Generalised Synthetic controls: a critical examination of a method new to the health context

Tuesday, June 14, 2016: 3:20 PM
419 (Fisher-Bennett Hall)

Author(s): Stephen O'Neill; Noemi Kreif; Richard Grieve

Discussant: James F. Burgess

Difference-in-Differences (DiD) estimation is a widely used analytical approach for evaluating the effects of health policy changes using before and after data. DiD assumes that, in the absence of the policy change, expected outcomes for the treated and control groups would have followed parallel trends. This assumption is often questionable in a health policy evaluation setting, since unobserved confounders have effects that may vary over time. In such cases, the Synthetic Control (SC) method can provide approximately unbiased estimates of the policy’s effect, if data for a sufficient number of periods prior to the intervention is available (Abadie et al, 2010). The SC method estimates the counterfactual outcome for the treated unit as a weighted average of the control units’ outcomes. Since the weights are restricted to be positive and to sum to one, the advantages of extrapolation to improve efficiency are foregone. Estimates may also be sensitive to the idiosyncrasies of a small number of observations. Thus, where the parallel trends assumption fails, we may be faced with the choice between an efficient but biased estimator (DiD) and an unbiased but inefficient estimator (SC).

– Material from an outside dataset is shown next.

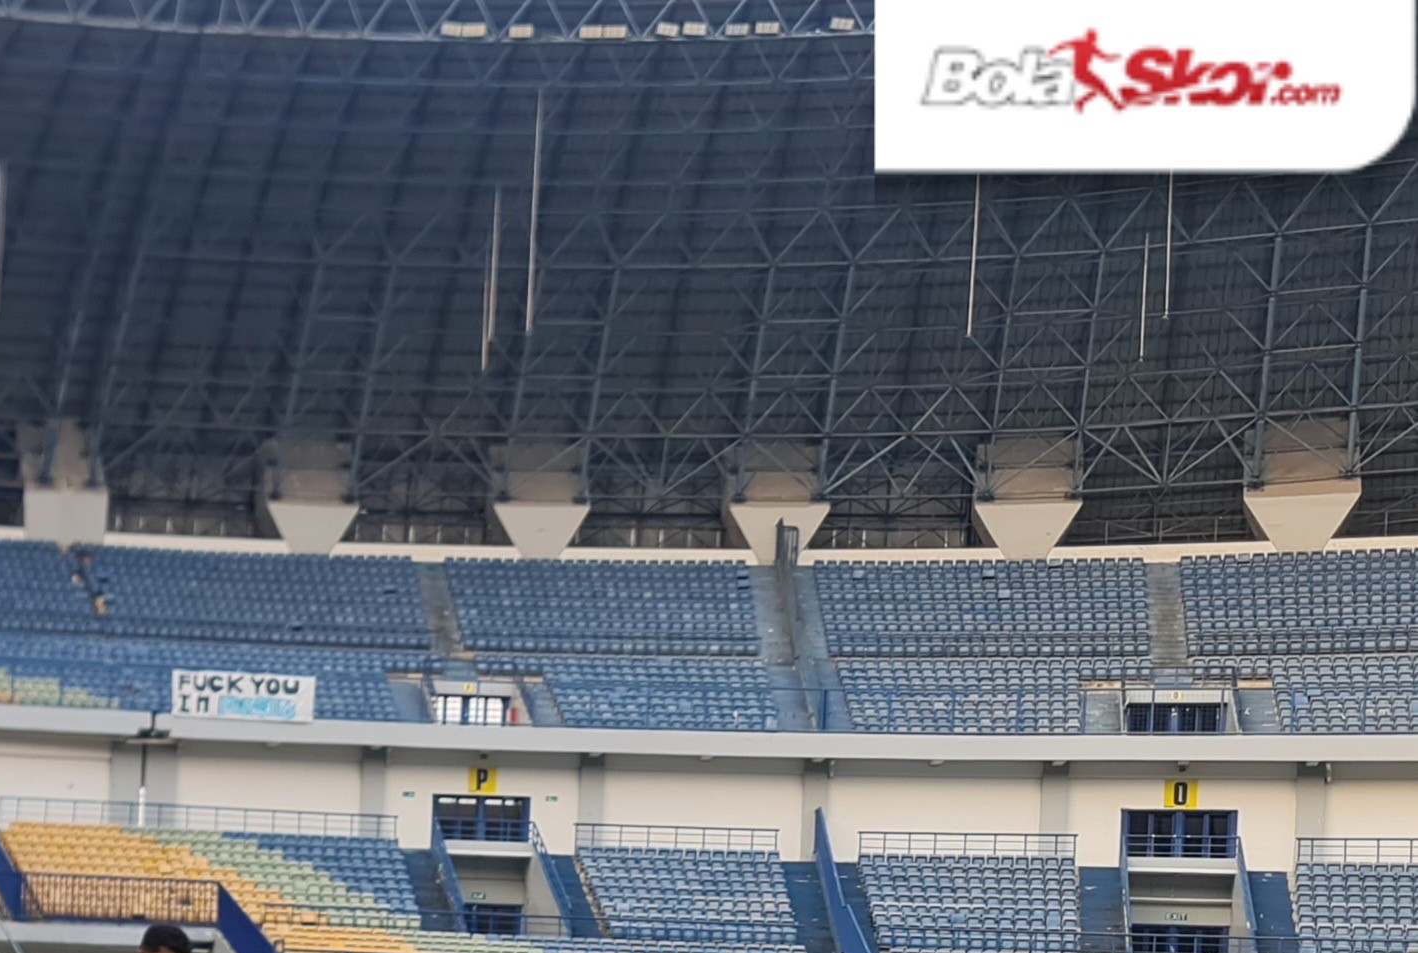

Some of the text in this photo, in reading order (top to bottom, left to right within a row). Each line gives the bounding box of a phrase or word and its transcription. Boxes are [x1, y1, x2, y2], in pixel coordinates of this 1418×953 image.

[179, 674, 300, 695] FUCK YOU
[476, 768, 488, 790] P
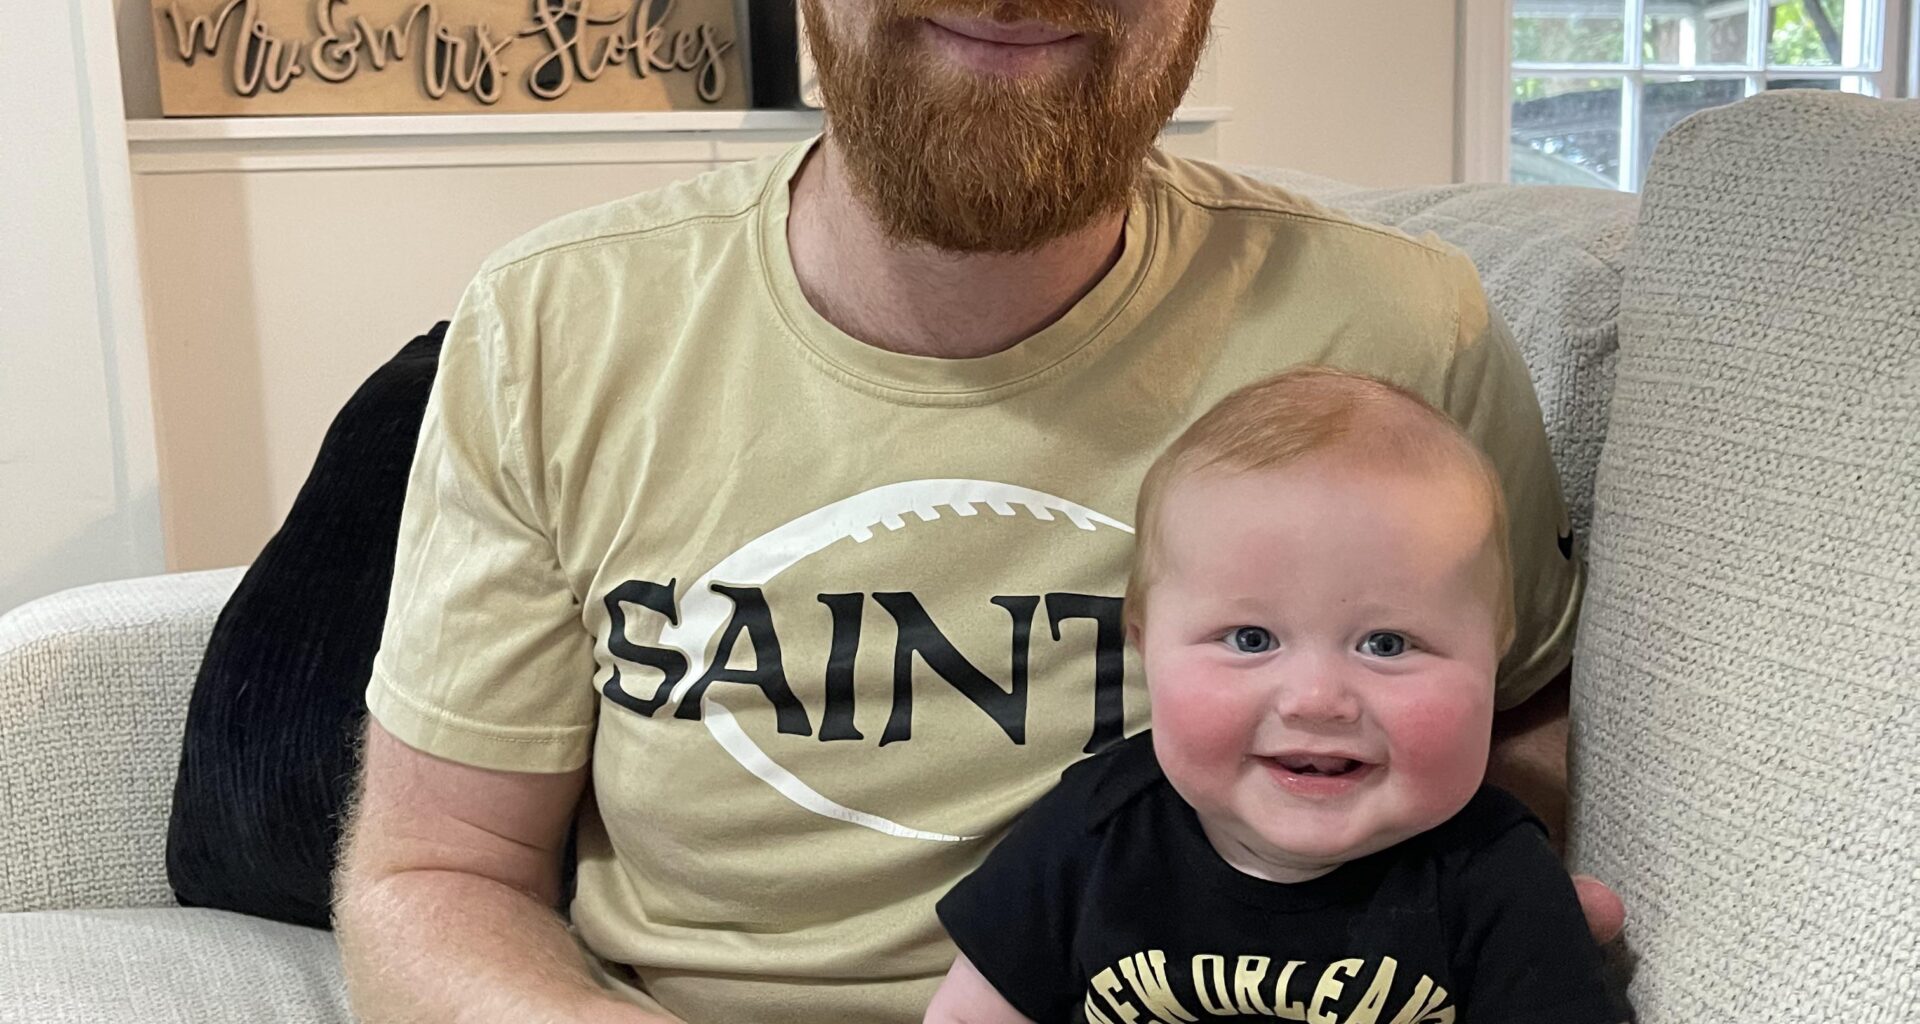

To address these limitations, Xu (2015) proposed the Generalised Synthetic Control (GSC) method, which combines insights from the literature on synthetic controls with an interactive fixed effects (IFE) model permitting unobserved confounders to have time-varying effects. The GSC method maintains the unbiasedness property of the SC estimator but offers improved efficiency, provided the IFE model is correctly specified. A parametric bootstrap procedure allows familiar inference, avoiding the difficulty of interpreting placebo tests commonly used for inference with the SC method. Despite these desirable features, the GSC method has not previously been applied in a health policy evaluation setting.

This paper critically assesses the performance of GSC using a high profile example, Advancing Quality (AQ), the first hospital-based Pay for Performance (P4P) scheme to be introduced in England. The AQ scheme consisted of large bonuses (4% and 2% of the hospital’s revenue) paid to the hospitals which reported quality scores in the top and second quartiles in five clinical areas. We focus on the three emergency conditions that the AQ programme was incentivised to change the management of: acute myocardial infarction, heart failure and pneumonia, and six clinical conditions not incentivised by the scheme as in the previous studies. Since AQ was only introduced in the northwest of England, hospitals in the remainder of England represent a natural control group.

The original evaluation of AQ, which used the DiD approach, suggested AQ led to a reduction in mortality (Sutton et al, 2012). However, a re-analysis using the Synthetic Control (SC) method did not (Kreif et al, 2015). Preliminary analysis suggests that, while the generalised synthetic control method is an attractive alternative to existing methods, SC and GSC give qualitatively similar estimates although the magnitude of the estimated effects differs between the methods.